DATA RECORDS: Begin

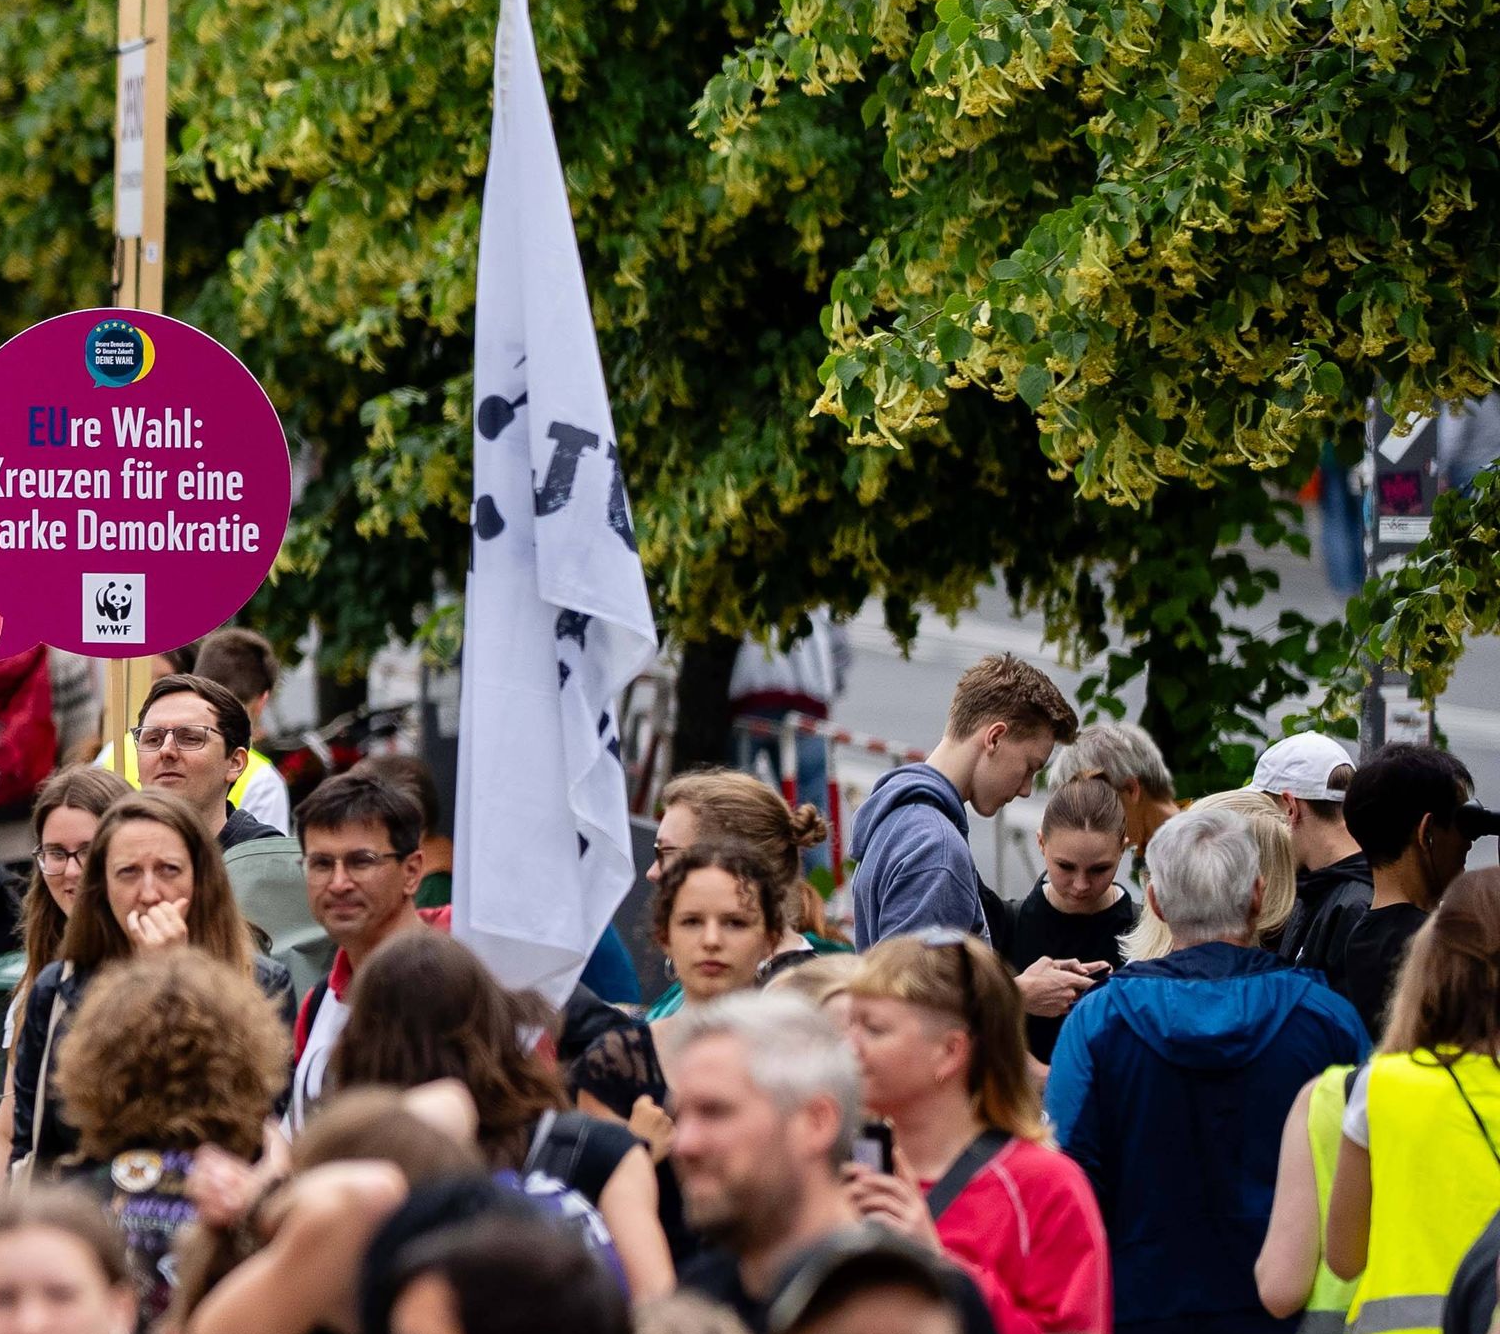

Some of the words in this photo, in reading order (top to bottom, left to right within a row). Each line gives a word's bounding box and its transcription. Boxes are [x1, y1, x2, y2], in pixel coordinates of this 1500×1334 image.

[95, 356, 114, 365] DEINE
[115, 356, 134, 365] WAHL
[28, 406, 102, 448] EUre
[111, 407, 203, 449] Wahl:
[121, 458, 168, 500] für
[177, 462, 244, 501] eine
[77, 510, 260, 552] Demokratie
[96, 624, 131, 635] WWF

DATA RECORDS: End

• **WHAT YOU HAVE TO DO**:
Retype all the data exactly; skip the pictures.

• **OUTPUT OF THE TASK**:
Some of the words in this photo, in reading order (top to bottom, left to right within a row). Each line gives a word's bounding box and its transcription. Boxes are [x1, y1, x2, y2], in pixel coordinates of this 1500×1334 image.

[95, 356, 114, 365] DEINE
[115, 356, 134, 365] WAHL
[28, 406, 102, 448] EUre
[111, 407, 203, 449] Wahl:
[121, 458, 168, 500] für
[177, 462, 244, 501] eine
[77, 510, 260, 552] Demokratie
[96, 624, 131, 635] WWF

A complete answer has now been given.